On March 19, 1953, for the first time, audiences are able to sit in their living rooms and watch as the movie world’s most prestigious honors, the Academy Awards, are given out at the RKO Pantages Theatre in Hollywood, California.
Organized in May 1927, the Academy of Motion Picture Arts and Sciences was envisioned as a non-profit organization dedicated to the advancement of the film industry. The first Academy Awards were handed out in May 1929, in a ceremony and banquet held in the Blossom Room of the Hollywood Roosevelt Hotel. The level of suspense was nonexistent, however, as the winners had already been announced several months earlier. For the next 10 years, the Academy gave the names of the winners to the newspapers for publication at 11 p.m. on the night of the awards ceremony; this changed after one paper broke the tacit agreement and published the results in the evening edition, available before the ceremony began. A sealed envelope system began the next year, and endures to this day, making Oscar night Hollywood’s most anticipated event of the year.
Public interest in the Oscars was high from the beginning, and from the second year on the ceremony was covered in a live radio broadcast. The year 1953 marked the first time that the Academy Awards were broadcast on the fledgling medium of television. The National Broadcasting Company (NBC) TV network carried the 25th annual awards ceremony live from Hollywood’s RKO Pantages Theatre. Bob Hope was the master of ceremonies, while Fredric March, a two-time Academy Award winner for Best Actor (for 1932’s Dr. Jekyll and Mr. Hyde and 1946’s The Best Years of Our Lives), presented the awards. The statuette for Best Picture went to Cecil B. DeMille’s The Greatest Show on Earth, while John Ford won Best Director for The Quiet Man. Winners in the top two acting categories were Gary Cooper (High Noon) and Shirley Booth (Come Back, Little Sheba).

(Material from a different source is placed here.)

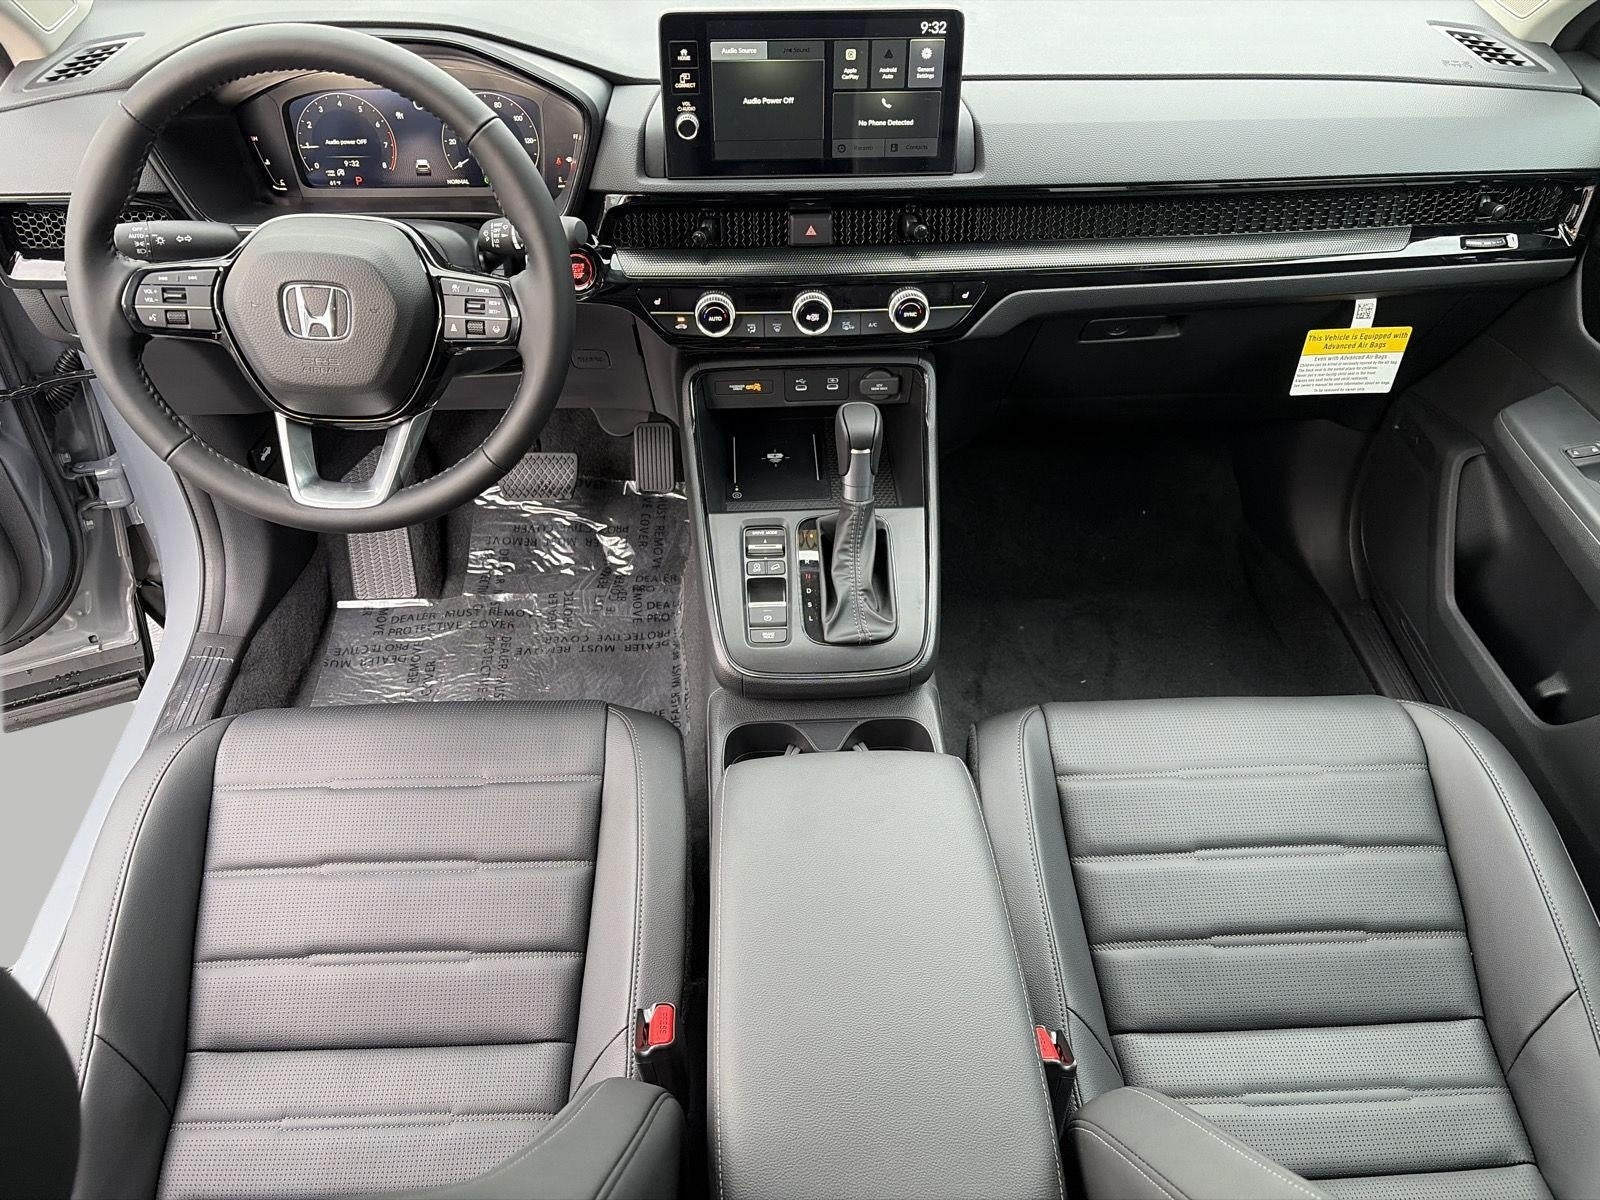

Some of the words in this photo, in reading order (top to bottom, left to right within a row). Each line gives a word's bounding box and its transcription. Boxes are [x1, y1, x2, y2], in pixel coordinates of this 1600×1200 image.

Hope, a star of stage and screen who tirelessly performed in United Service Organization (USO) shows for American troops during World War II, would become a mainstay of the new TV medium. He was also the most venerated Academy Awards host, playing MC no fewer than 18 times between 1939 and 1977. NBC broadcast the Oscars until 1961, when the American Broadcasting Company (ABC) took over for the next decade, including the first awards broadcast in color in 1966. Although NBC briefly regained the show in the early 1970s, ABC came out on top again in 1976 and has broadcast every Academy Awards show since. The network is under contract to continue showing the Oscars until 2028.
Ratings for the Academy Awards have been notoriously uneven, with larger audiences tending to tune in when box-office hits are nominated for high-profile awards such as Best Picture. When Titanic won big in 1998, for example, the Oscar telecast drew 55 million viewers; the triumph of The Lord of the Rings: The Return of the King in 2004 drew 44 million. The 80th Academy Awards ceremony, held in February 2008, drew the lowest ratings in the history of the broadcast up until that point, with a total of about 32 million viewers–just 18.7 percent of America’s homes–tuned in to the telecast. Analysts blamed the relative obscurity of the Best Picture nominees—the winner, No Country For Old Men, made a relatively puny $64 million at the box office—and the lingering effects of a Hollywood writers’ strike for the poor viewer turnout.